**** Supplied entries
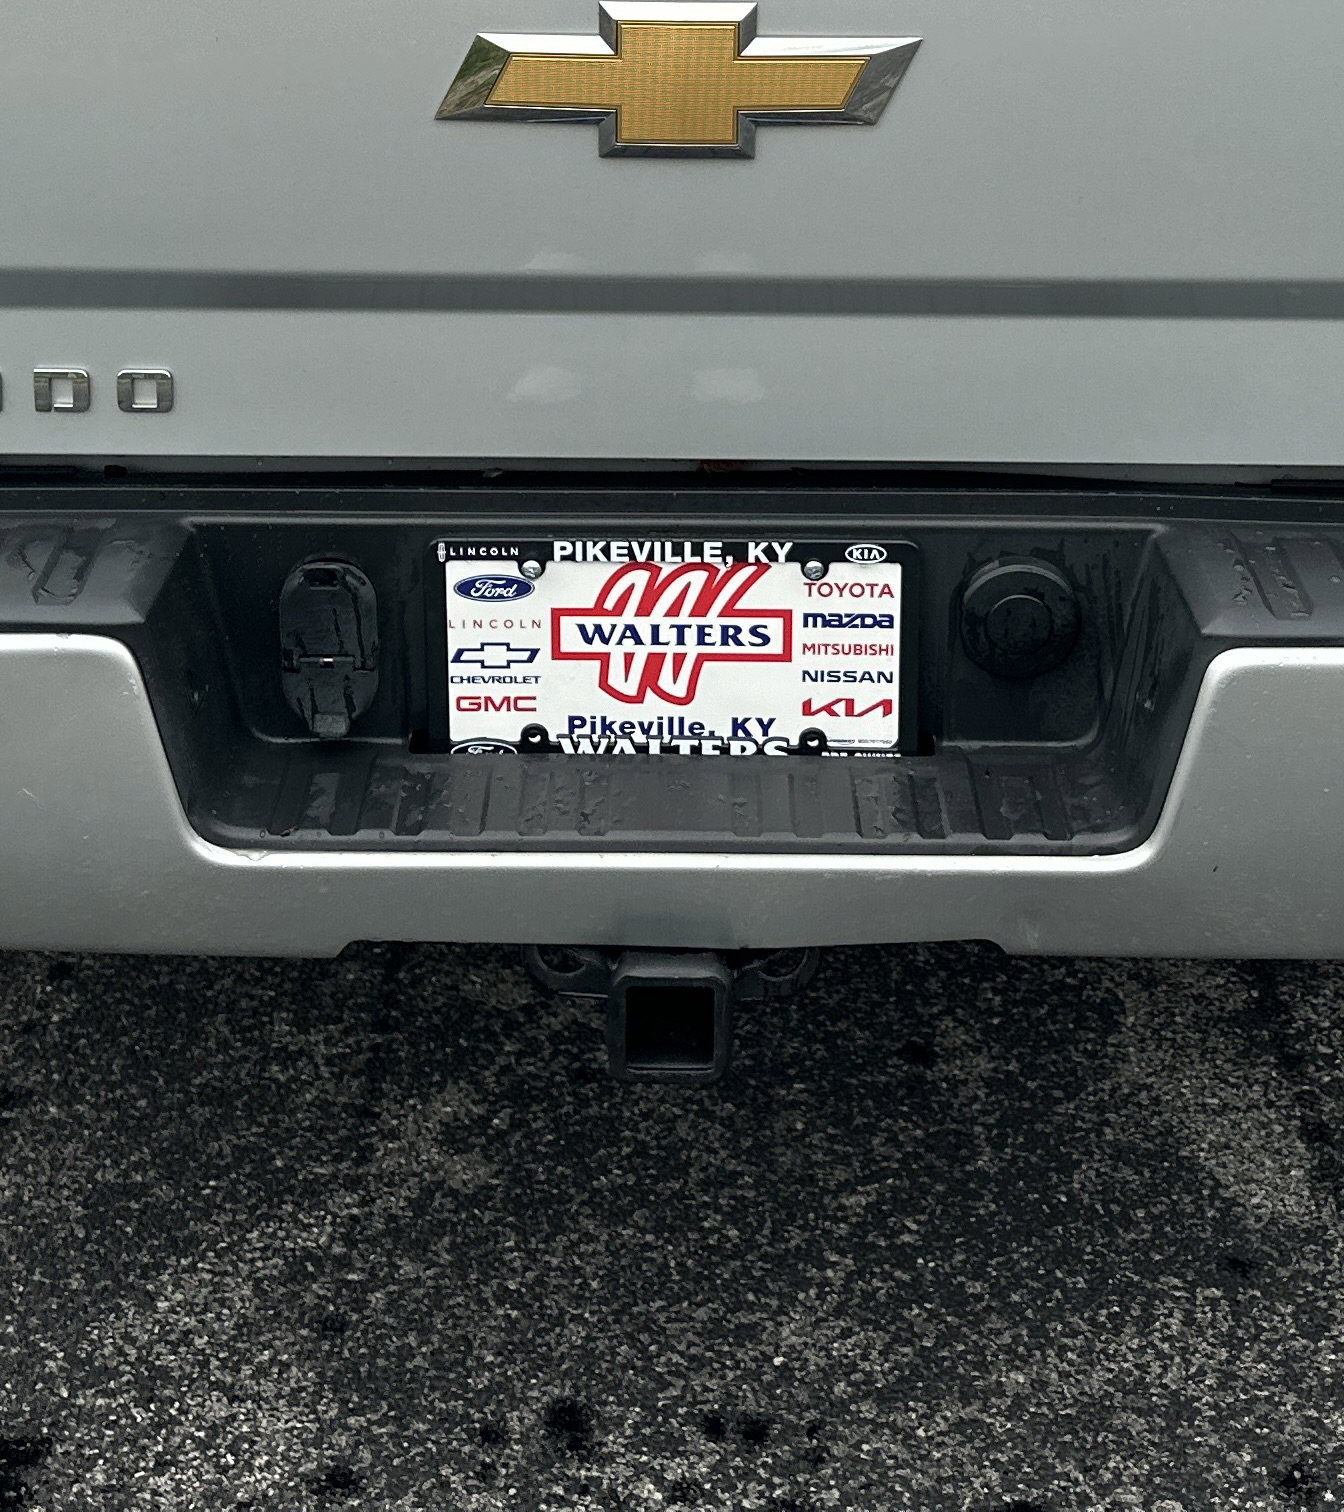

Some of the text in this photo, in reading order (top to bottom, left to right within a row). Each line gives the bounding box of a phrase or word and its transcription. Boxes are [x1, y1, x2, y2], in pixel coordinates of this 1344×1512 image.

[450, 546, 519, 556] LINCOLN
[553, 541, 793, 568] PIKEVILLE, KY
[852, 548, 880, 560] KIA
[470, 579, 518, 598] Ford
[803, 582, 894, 598] TOYOTA
[449, 619, 542, 629] LINCOLN
[576, 623, 771, 647] WALTERS
[802, 643, 894, 656] MITSUBISHI
[450, 675, 541, 685] CHEVROLET
[802, 670, 893, 684] NISSAN
[456, 696, 537, 712] GMC
[731, 717, 777, 738] KY
********
Keep every word of the data as it is when you write it out, but drop the pictures.

Some of the text in this photo, in reading order (top to bottom, left to right within a row). Each line gives the bounding box of a phrase or word and its transcription. Boxes are [x1, y1, x2, y2], in pixel coordinates of this 1344×1512 image.

[450, 546, 519, 556] LINCOLN
[553, 541, 793, 568] PIKEVILLE, KY
[852, 548, 880, 560] KIA
[470, 579, 518, 598] Ford
[803, 582, 894, 598] TOYOTA
[449, 619, 542, 629] LINCOLN
[576, 623, 771, 647] WALTERS
[802, 643, 894, 656] MITSUBISHI
[450, 675, 541, 685] CHEVROLET
[802, 670, 893, 684] NISSAN
[456, 696, 537, 712] GMC
[731, 717, 777, 738] KY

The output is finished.